What are your thoughts?

Thanks!

flowergirl2310
01-21-2014, 09:38 AM
I feel like you.

My parents although are why I feel that way. They are always asking why I don't do more things, and I get pretty paranoid, it's horrible !
If you are happy than don't think too much

jjh333
01-21-2014, 09:49 AM
I think a lot of people with anxiety will get those insecure feelings of "what ifs" and overthinking. I brought it up to a doctor one time and an easy technique she gave me is to think "what can I do to strengthen this relationship?" .... maybe in your insecure moments when you feel like nothing is happening, it might help just to ask him "how was your day?". Eventually, you won't have to purposefully ask yourself what to do to strengthen the relationship, your brain will begin to unconsciously do it. This isn't just for romantic relationships either, I use the technique with my dad too.

Nikkers
01-21-2014, 10:14 PM
I used to be the same way, I don't need to be so worried atm as I'm not in a relationship right now but I can definitely relate. My boyfriend was happy to stay at home all the time and play video games or watch TV or a movie. I was always saying to him "Aren't you bored, don't you want to go out, are you sure you're ok just staying at home?" He always told me he was happiest at home with me and I always felt like I he was missing out. We were together for 3 years and throughout that 3 years he was always a happy spirited person, he never seemed bored and never ever gave me the impression that he wished to be elsewhere. The fact that we are not together today has nothing to do with any of the above, I ended it because I felt I needed to get a hold of this anxiety/depression before I could truly give myself fully to a relationship.
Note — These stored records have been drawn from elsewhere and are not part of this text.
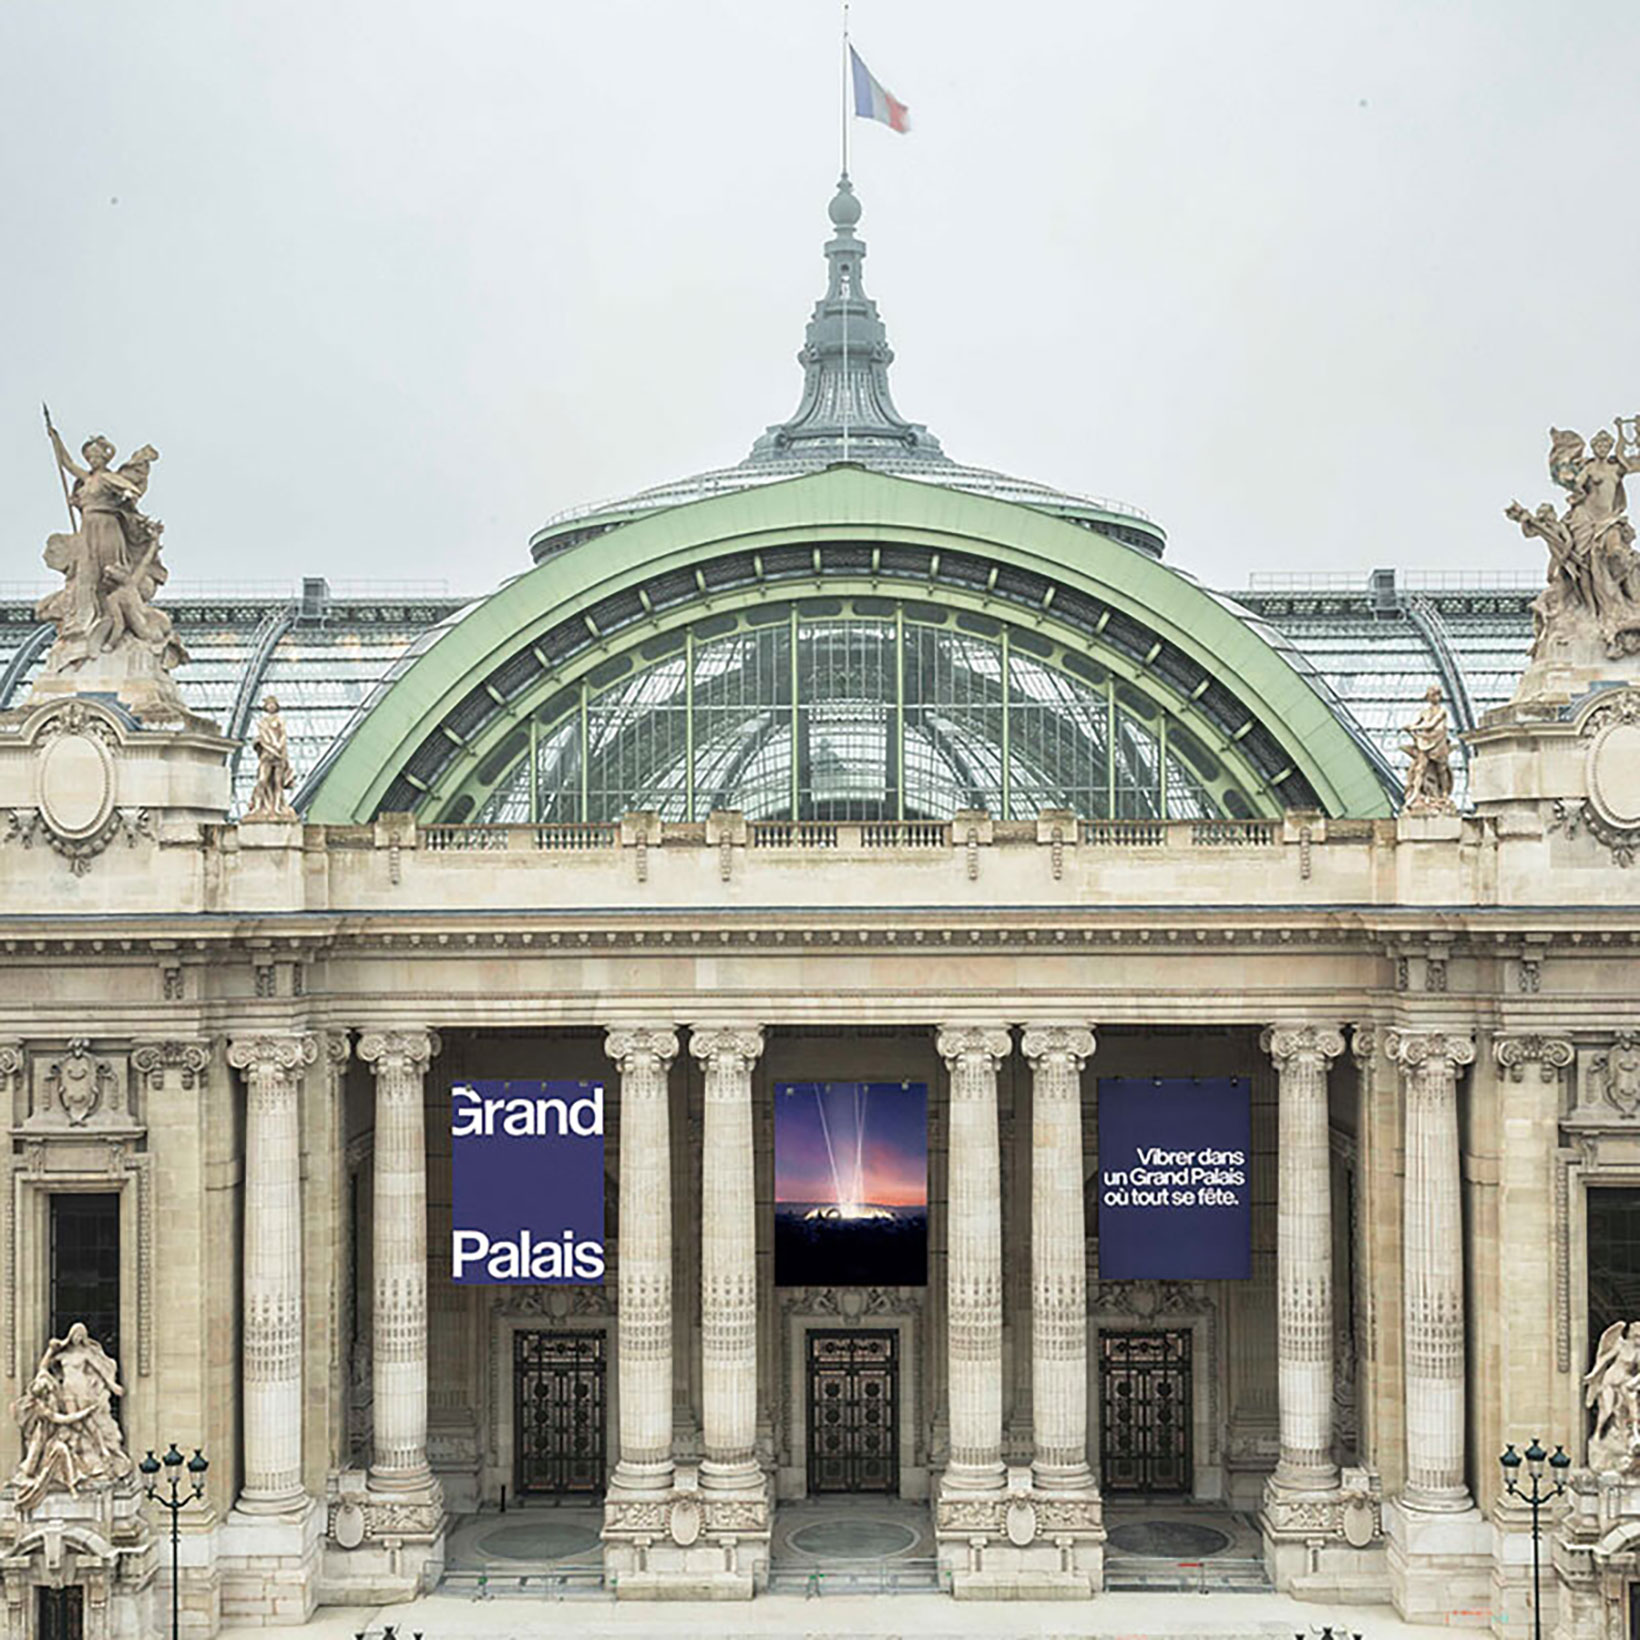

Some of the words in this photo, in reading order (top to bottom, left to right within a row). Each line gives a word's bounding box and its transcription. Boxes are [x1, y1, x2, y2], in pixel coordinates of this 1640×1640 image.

[451, 1086, 604, 1136] Grand
[1137, 1147, 1196, 1166] Vibrer
[1198, 1147, 1245, 1166] dans
[1104, 1171, 1127, 1186] un
[1130, 1167, 1189, 1186] Grand
[1192, 1167, 1245, 1186] Palais
[1104, 1188, 1129, 1206] où
[1132, 1188, 1170, 1206] tout
[1172, 1190, 1196, 1206] se
[1198, 1187, 1239, 1206] fête.
[452, 1230, 605, 1279] Palais
I'm not sure about you, but I think a huge factor that made me feel like this was the fact that because of my social anxiety, I have no friends and I rarely leave the house so for the longest time the only thing I have had to go by, which I perceived to be "the norm" was the TV. Shows with couples out and about, on picnics and doing all sorts of wonderful romantic activities, going out to clubs together and massive family gatherings. This became my idea of how things were supposed to be when in reality, most couples prefer to stay home together, get a pizza and watch a movie :) xo

trainerash
01-22-2014, 10:41 AM
Hey,
Thanks for your replies - I figure that is all in my head and that I have to learn to manage it. I am lucky that my fiancee is very patient and calm about it - he doesn't stress when I tell him "I'm boring you. You would rather be with someone more engaging than me". I hope this goes away with time.